Va a vuoto l’assalto al 4° posto, ma il tecnico è fiducioso: «Bene così, perché giocare tre gare in otto giorni ci ha tolto brillantezza». Pinzauti deluso: «Volevo vincerla»
TERAMO . L'assalto al quarto posto è andato a vuoto. Il Teramo si è fatto imporre il pari casalingo dal Monopoli agganciando il Catania, a quota 34, ma facendosi staccare di due lunghezze dal Foggia (vittorioso a Potenza). «Per come si è sviluppata la gara il pareggio va bene», ha detto il tecnico biancorosso Massimo Paci, «anche se, ovviamente, dispiace non avere vinto. Il Monopoli era schierato dietro la linea della palla e ci ha chiuso tutti gli spazi. A fare la differenza è stata la poca brillantezza da parte nostra sul piano fisico. La terza partita giocata in otto giorni ha influito mentre i nostri avversari avevano riposato nel turno infrasettimanale. Trovo invece positivo il fatto di non aver mollato riprendendo una situazione di svantaggio. La capacità di reagire è ormai una peculiarità di questo gruppo. Dopo avere agguantato il pari abbiamo continuato a spingere per una decina di minuti e mi sarei aspettato di proseguire su quella scia fino alla fine, ma purtroppo non ci siamo riusciti. Contro una squadra chiusa, se non si è al top fisicamente, si va in difficoltà con il 4-3-3», ha sottolineato Paci, «perciò dopo l'intervallo ho attuato il passaggio al 3-5-2 per provare a cambiare l'inerzia della gara e direi che i benefici si sono visti. Il problema è che non avevamo la stessa intensità mostrata in altre occasioni. Era normale che ciò avvenisse dopo i due impegni ravvicinati contro Bari e Foggia».
«La sostituzione di Viero», continua il tecnico, «è stata una scelta tecnica per consentire alla squadra di schierarsi diversamente in campo. Dobbiamo rimanere calmi, considerando che abbiamo un'ottima classifica e che stiamo valorizzando diversi under.
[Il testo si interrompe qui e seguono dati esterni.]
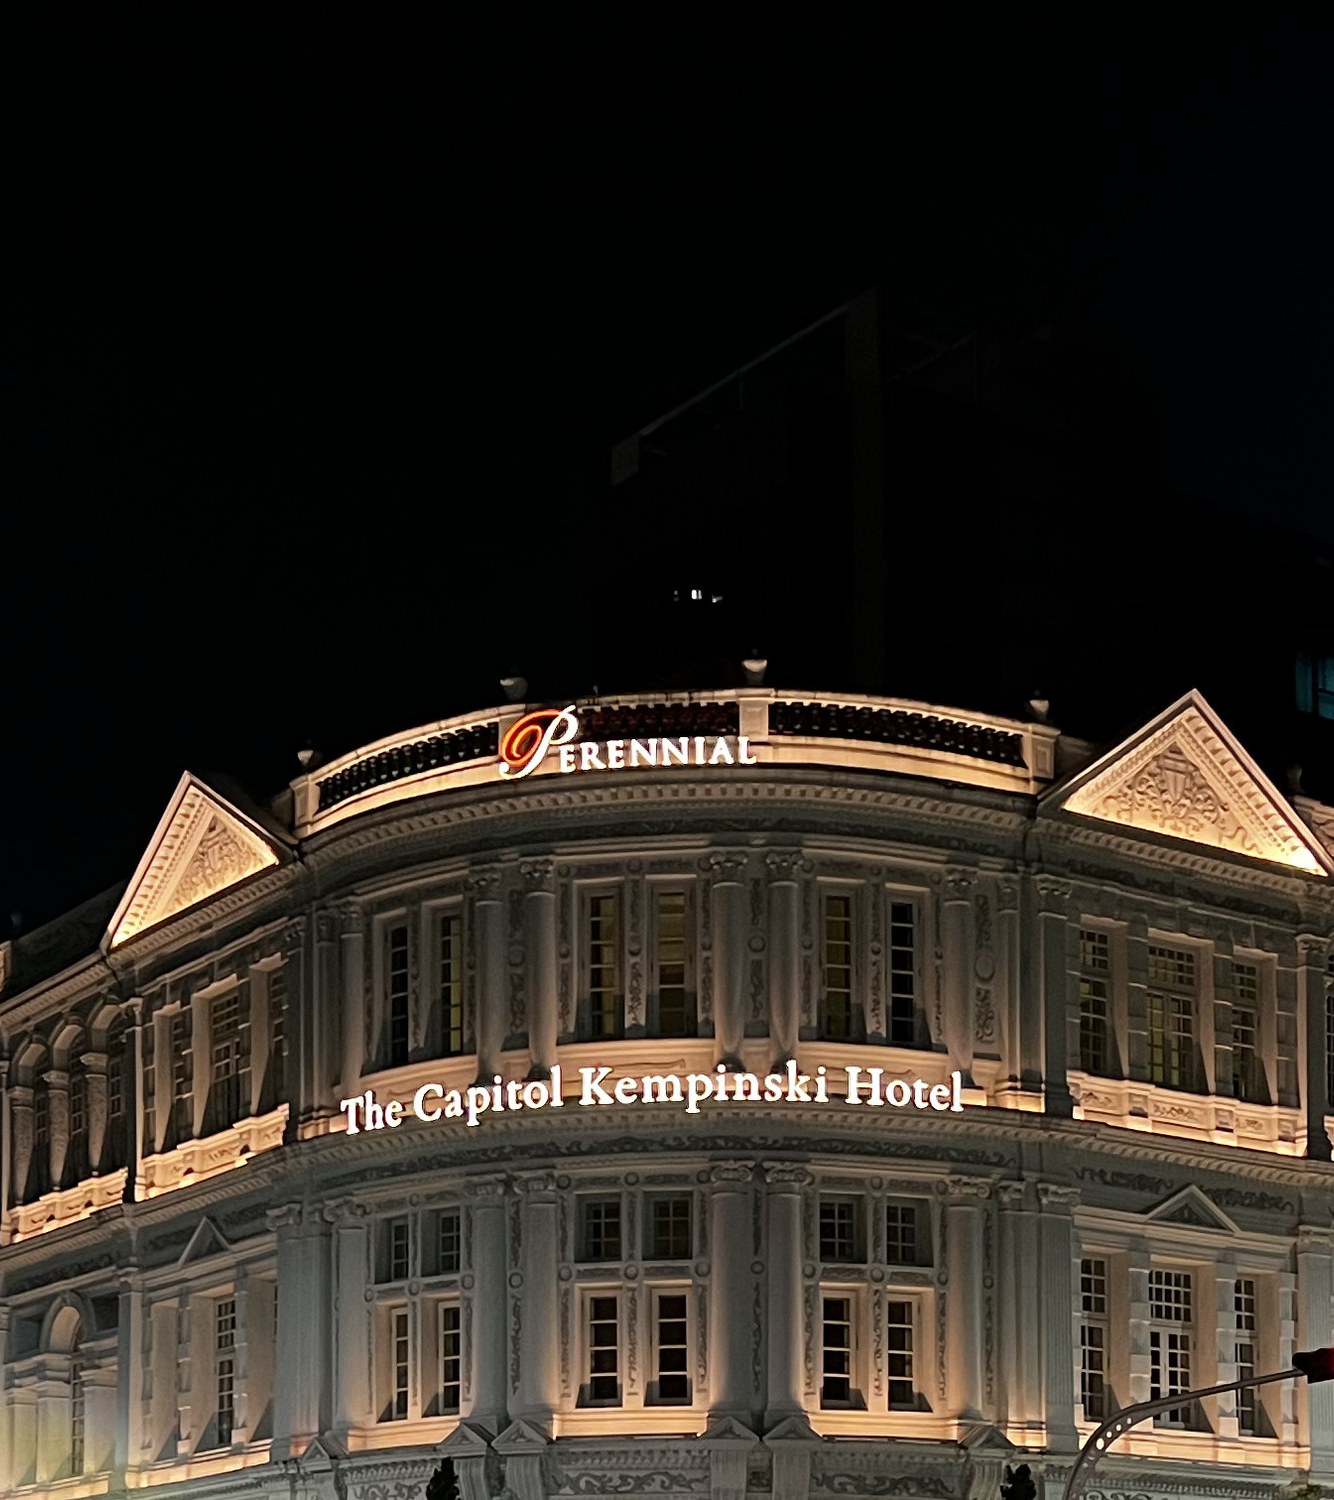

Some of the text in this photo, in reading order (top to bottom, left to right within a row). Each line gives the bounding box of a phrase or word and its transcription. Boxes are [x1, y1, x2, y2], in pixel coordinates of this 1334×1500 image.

[499, 704, 757, 780] PERENNIAL
[340, 1059, 964, 1135] The Capitol Kempinski Hotel
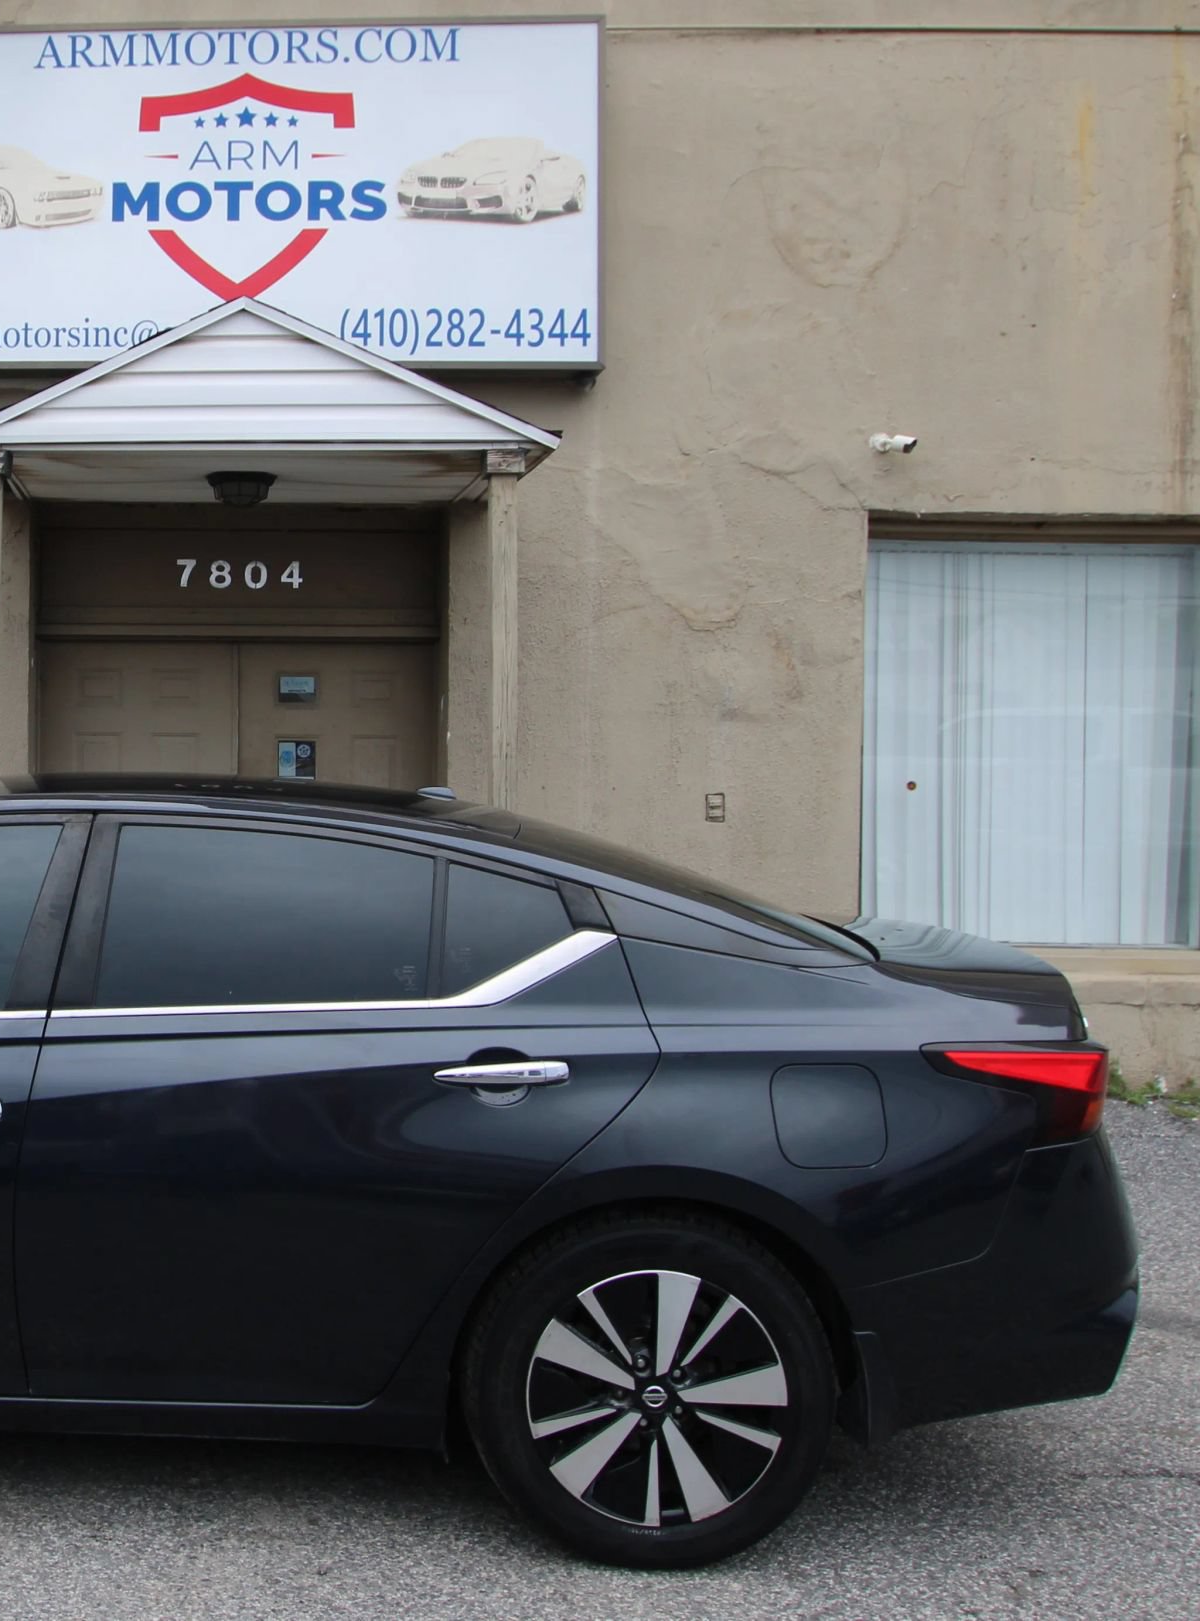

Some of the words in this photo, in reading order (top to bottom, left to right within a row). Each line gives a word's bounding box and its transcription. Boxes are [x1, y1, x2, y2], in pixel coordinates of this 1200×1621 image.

Mi sarei aspettato di più dai giocatori subentrati, c'è bisogno di una maggiore incisività da parte di chi entra a gara in corso. Ilari sta attraversando un momento di appannamento, ma è un ragazzo splendido e tornerà a essere determinante. Sul piano tattico sono un allenatore abbastanza flessibile però non dobbiamo snaturarci nè perdere i princìpi di gioco acquisiti finora. Gli infortuni? Non mi preoccupano», ha risposto il tecnico, «Soprano è dovuto uscire nel primo tempo ma non ha avuto nulla di particolare. Il rigore l'ha battuto Pinzauti perchè è stato lui a chiedermi di essere il primo rigorista della squadra».
L'attaccante 26enne Lorenzo Pinzauti ha interrotto dagli undici metri il lungo digiuno personale. «Siamo delusi», ha detto Pinzauti, «perchè volevamo vincere e avere la conferma di essere tornati quelli della prima parte di campionato. Cerco di adattarmi a ogni modulo. Eravamo un po' sulle gambe dopo i tre impegni in otto giorni. I dieci pareggi fatti finora dicono che siamo una squadra difficile da battere, anche se in alcune partite potevamo conquistare i tre punti, perciò un po' di rammarico c'è. Adesso pensiamo alla Casertana, provando a dare un cambio di passo nelle gare in trasferta».